Honourable Mentions: Here are a few more albums I really liked but that didn’t quite make it onto the list. All are worth your time –
CSS – Cansei de Ser Sexy (2006)
Death Cab For Cutie – Plans (2005)
Everclear – Songs From An American Movie, Vol 1: Learning How To Smile (2000)
The White Stripes – White Blood Cells (2001)

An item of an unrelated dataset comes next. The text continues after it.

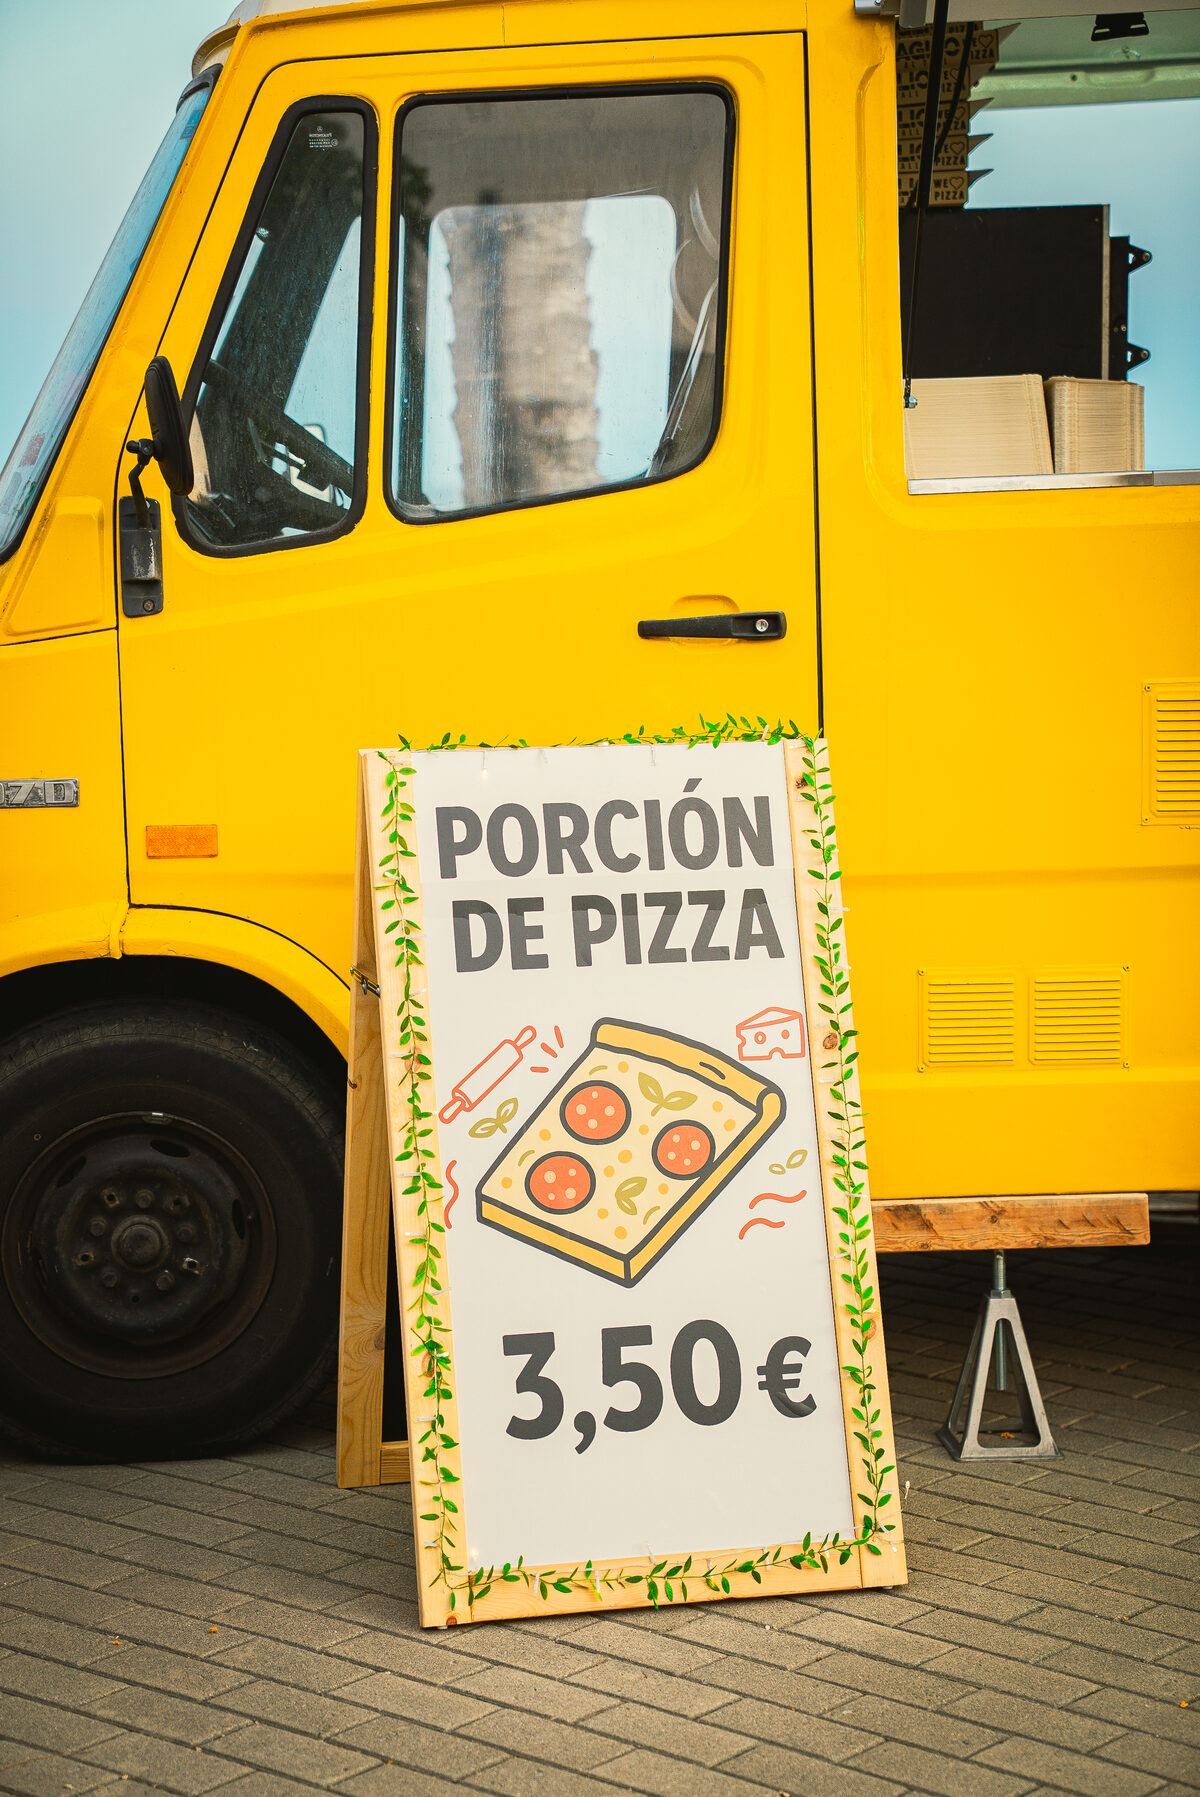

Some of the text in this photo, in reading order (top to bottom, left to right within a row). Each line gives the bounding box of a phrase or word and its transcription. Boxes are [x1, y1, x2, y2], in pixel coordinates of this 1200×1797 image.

Royksopp – Melody AM (2001)
Underworld – Oblivion With Bells (2007)
Robert Plant and the Strange Sensation – Mighty Rearranger (2005)
Beck – Modern Guilt (2008)
Feeder – Comfort In Sound (2003)
Clap Your Hands Say Yeah – Clap Your Hands Say Yeah (2005)
Radiohead – Hail To The Thief (2003)
The Go! Team – Thunder, Lightning, Strike (2004)
Rufus Wainwright – Want Two (2004)
Panic! At The Disco – A Fever You Can’t Sweat Out (2005)
Goldfrapp – Black Cherry (2003)
Patrick Wolf – The Magic Position (2007)
As always, I’d love to know what you think. What have I missed? What albums would be on your list? What would you add/remove from mine? Let me know!
Have a very merry Christmas and a happy and peaceful 2010 – thanks for reading in 2009!